28 Feb 2023
Caltech and University of Gothenburg see new details of temperature and dynamics.
A better understanding of how hydrocarbons burn is an important topic in environmental science, with nanoparticles of unburnt soot being active agents in climate change and detrimental to human health.Various advanced high-speed camera technologies have been used to image hydrocarbon flames, including the use of laser illumination, but most have been limited to million-frames-per-second rates; not enough to provide a complete picture.
A project involving the Caltech lab of Lihong Wang and the University of Gothenburg has now developed a laser camera platform able to capture images at billion-frames-per-second rates, offering new insights into the creation of soot from precursor species and the dynamics of combustion.

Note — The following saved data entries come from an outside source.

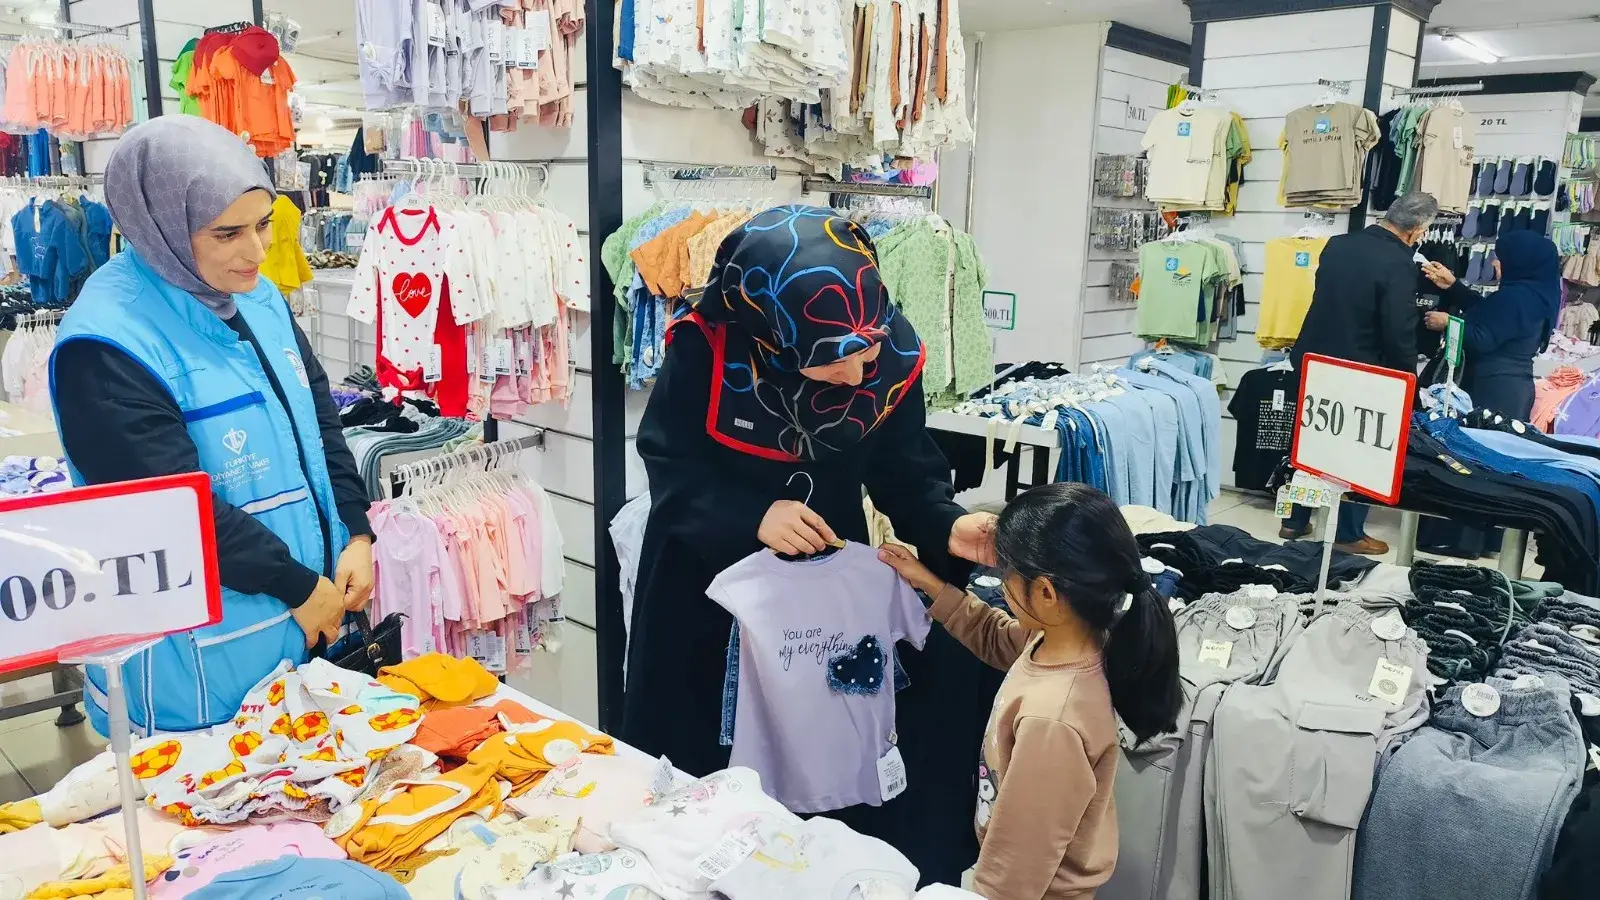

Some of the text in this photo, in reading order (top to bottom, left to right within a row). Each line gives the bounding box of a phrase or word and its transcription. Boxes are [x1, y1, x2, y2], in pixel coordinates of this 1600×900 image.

[1128, 106, 1147, 121] 30.TL
[1480, 118, 1493, 126] 20
[394, 278, 432, 302] love
[1300, 394, 1344, 436] 350
[1354, 405, 1395, 452] TL
[782, 627, 822, 641] You are
[779, 644, 795, 672] my
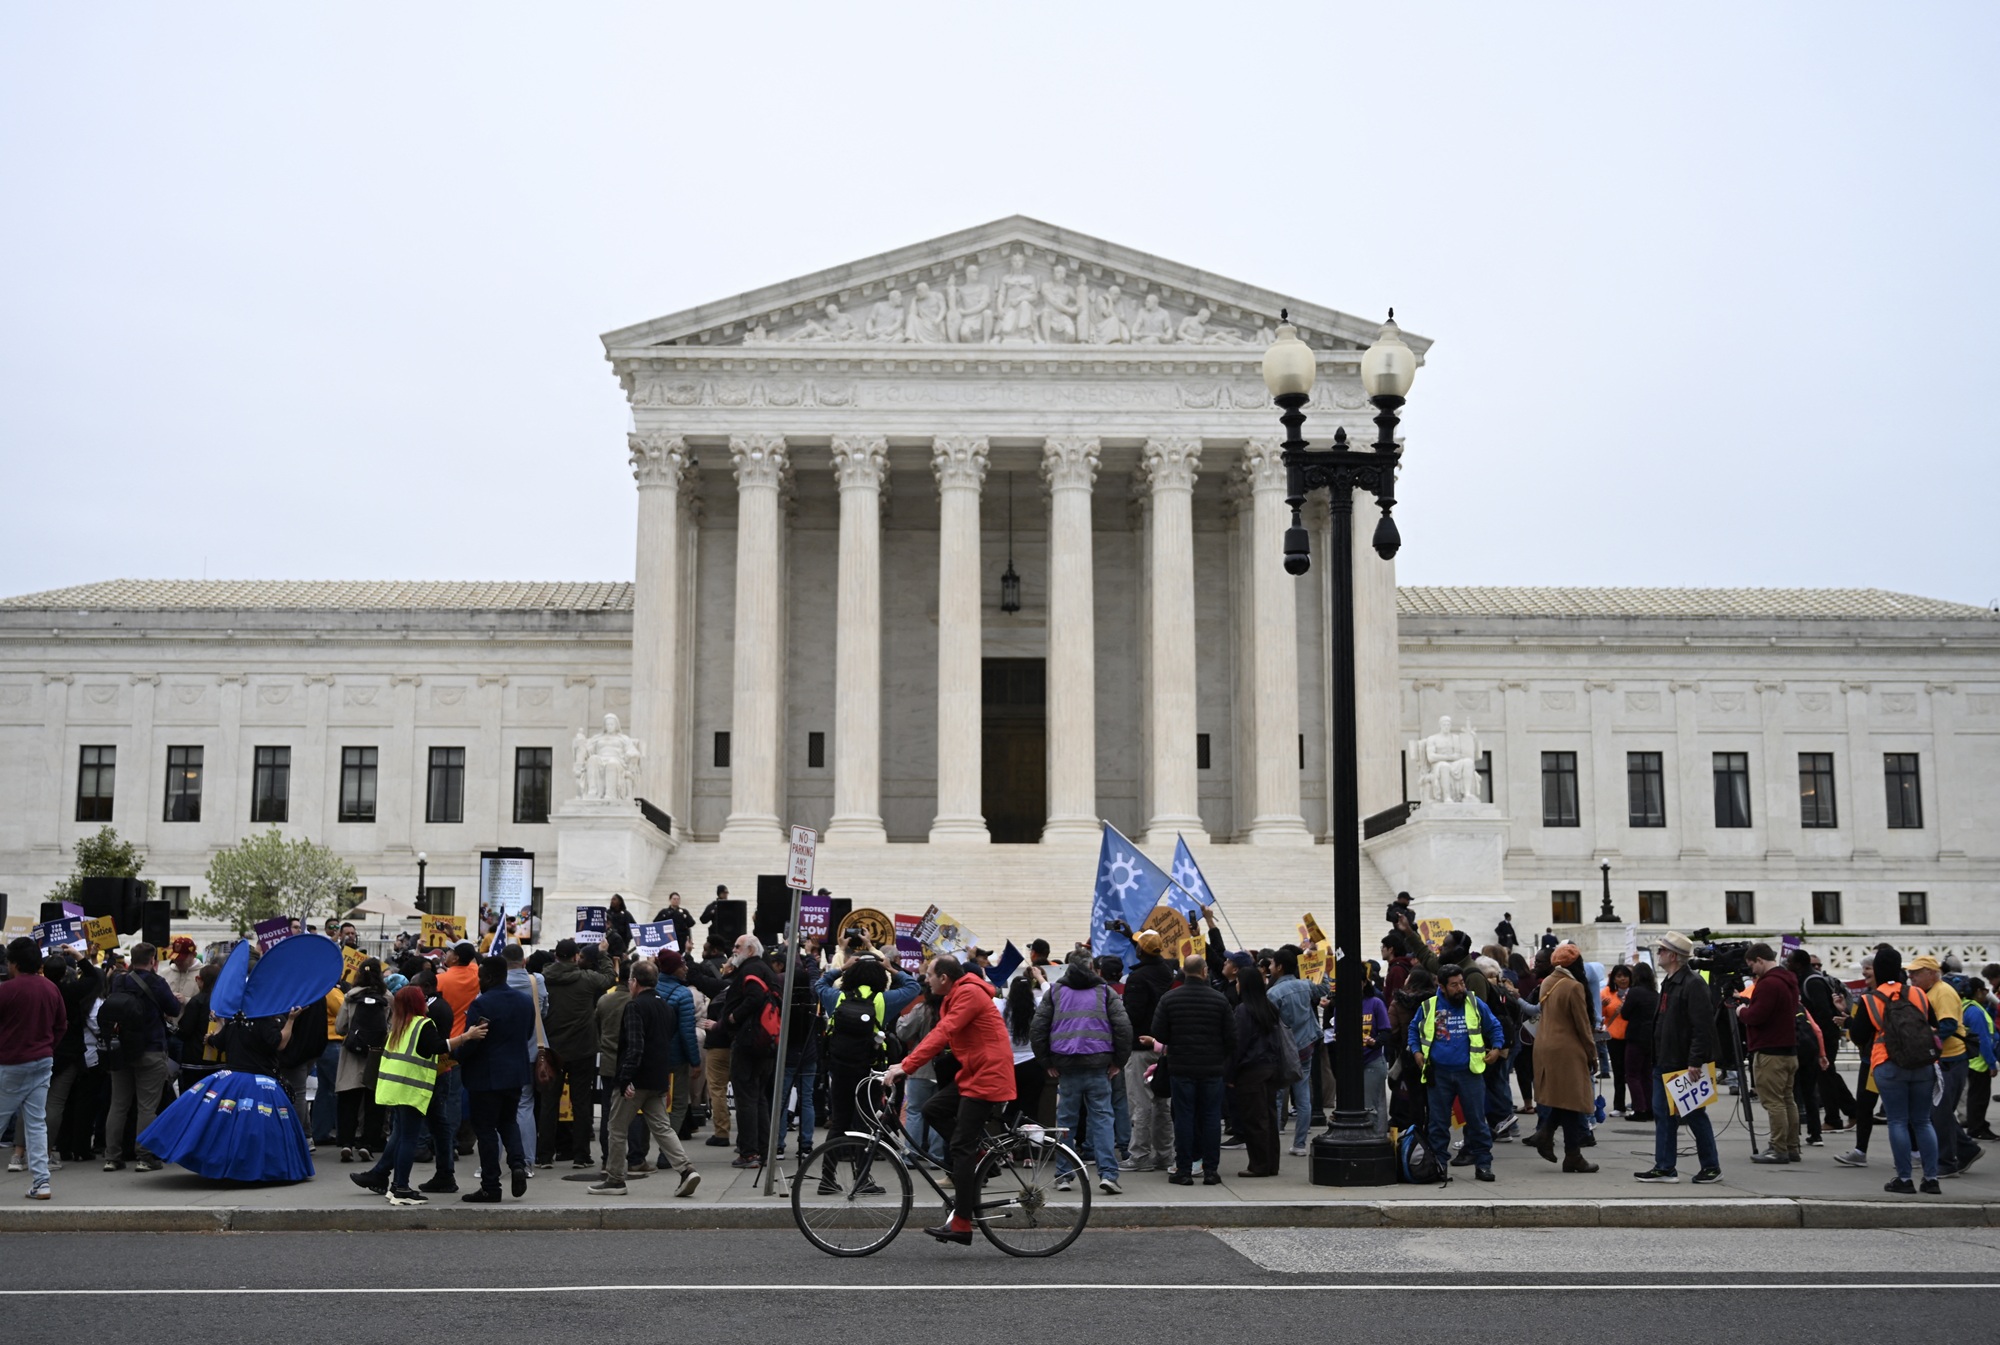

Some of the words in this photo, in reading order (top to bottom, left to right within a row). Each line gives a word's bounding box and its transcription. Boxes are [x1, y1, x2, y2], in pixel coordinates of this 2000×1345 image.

[873, 385, 943, 402] EQUAL
[950, 385, 1032, 403] JUSTICE
[1042, 386, 1111, 403] UNDER
[1120, 386, 1159, 403] LAW
[799, 831, 809, 844] NO
[792, 843, 814, 858] PARKING
[796, 857, 808, 867] ANY
[794, 866, 807, 877] TIME
[88, 920, 100, 929] TPS
[803, 914, 825, 923] TPS
[90, 928, 113, 939] Justice
[258, 926, 290, 941] PROTECT
[901, 959, 920, 969] TPS
[1675, 1075, 1706, 1094] SA
[1678, 1081, 1710, 1112] TPS
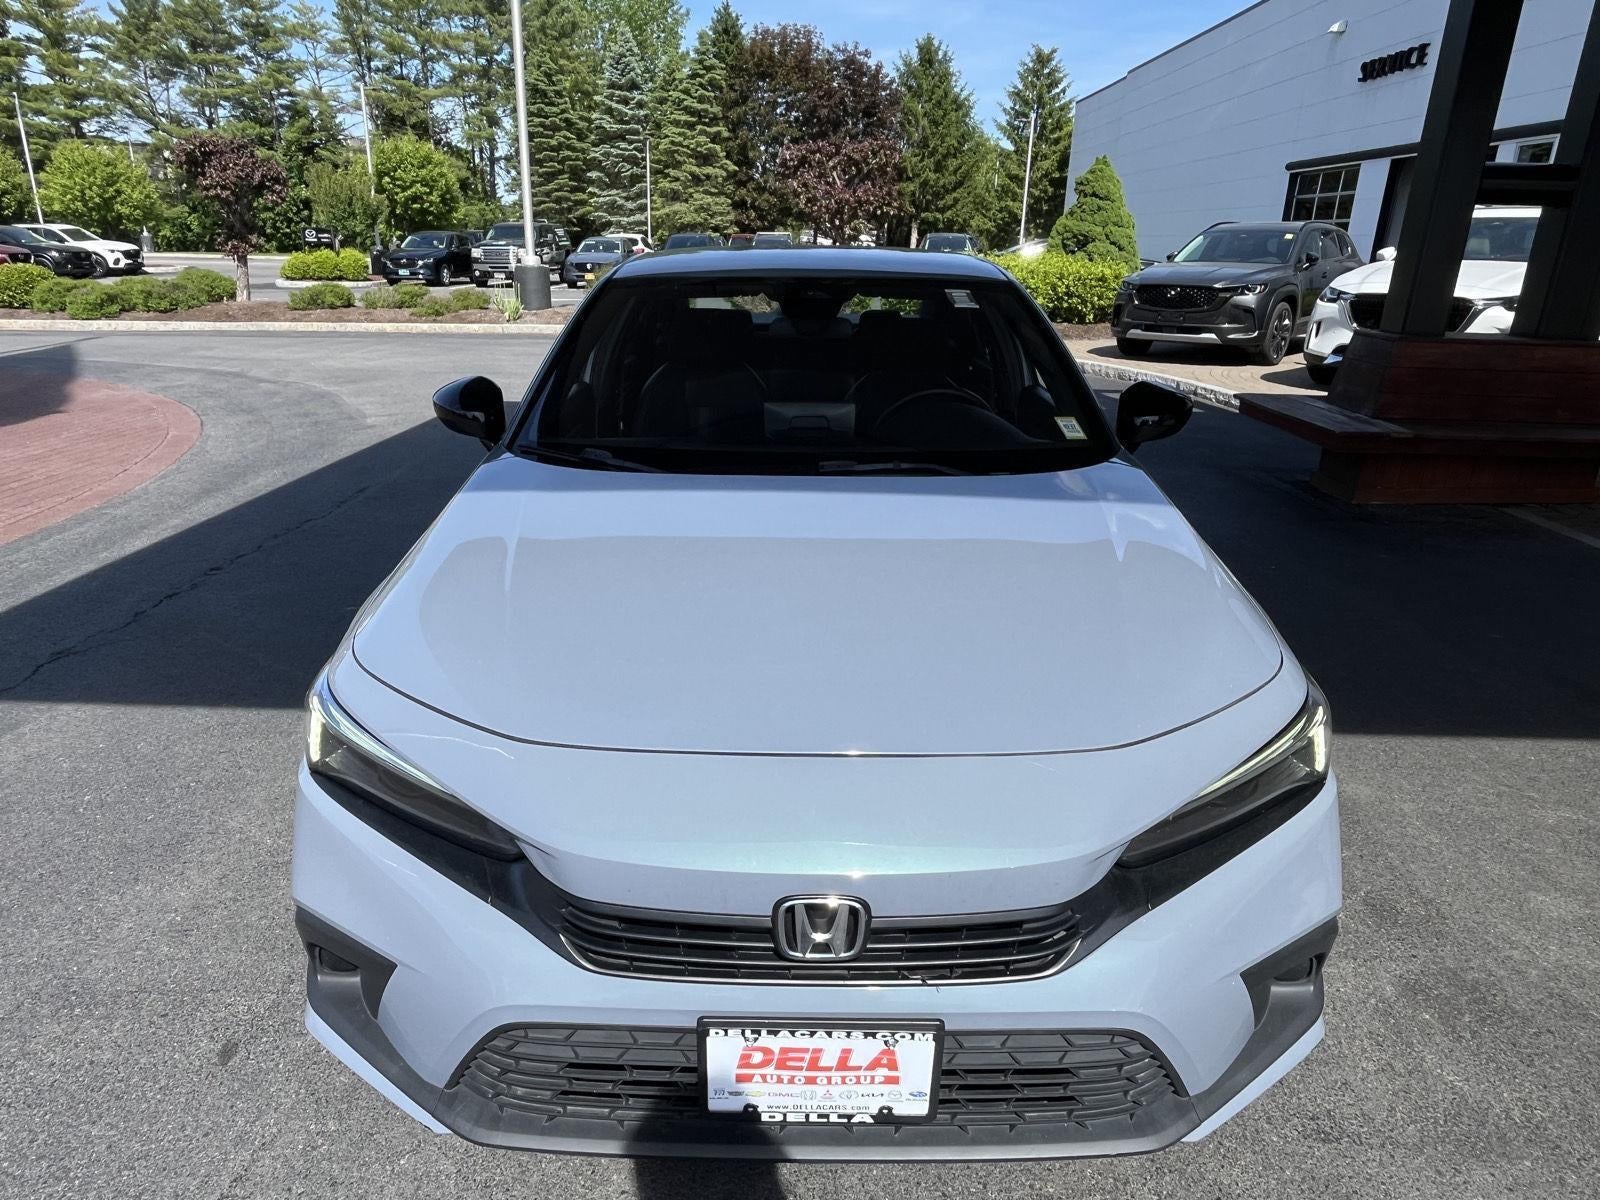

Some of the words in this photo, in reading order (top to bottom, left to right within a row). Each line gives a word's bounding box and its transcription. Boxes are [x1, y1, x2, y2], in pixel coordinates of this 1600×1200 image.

[1358, 43, 1431, 82] SERVICE
[709, 1029, 934, 1042] DELLACARS.COM
[736, 1046, 899, 1072] DELLA
[751, 1073, 806, 1084] AUTO
[816, 1075, 885, 1085] GROUP
[761, 1112, 875, 1123] DELLA

Reported in Light: Science & Applications, the technology could also help to answer questions in other topics of advanced physics, such as the nature of hot plasma, sonoluminescence and nuclear fusion.
"The formation of soot particles from precursor gaseous polycyclic aromatic hydrocarbons (PAHs) has remained a mystery in combustion science as well as in astronomy," said the project in its published paper. "A real-time, detailed 2D view of soot formation is still not available. There is a need for simultaneous measurement of key parameters such as primary soot particle size, soot aggregate size, and temperature to validate the soot formation theory and models."
The project builds on previous work at Caltech studying compressed ultrafast photography (CUP), in which an encoding and subsequent reconstruction of the illuminating light signals can capture transient optical events at high frame rates using a streak camera.
In the new study, CUP is combined with planar imaging based on laser sheet illumination, in which interactions between laser and matter are "optically sectioned" and confined to particular spatial areas, to create laser-sheet CUP (LS-CUP). This can allow imaging rates to hit the billion-frames-per-second mark.
More pictures taken, more details of combustion
In trials using a kerosene flame, the LS-CUP platform employed two wavelengths capable of creating laser-induced incandescence from soot particles, 1064 and 532 nanometers, at nanosecond pulse rates. A light sheet 0.4 millimeters thick was created using a cylindrical lens and directed onto the flame.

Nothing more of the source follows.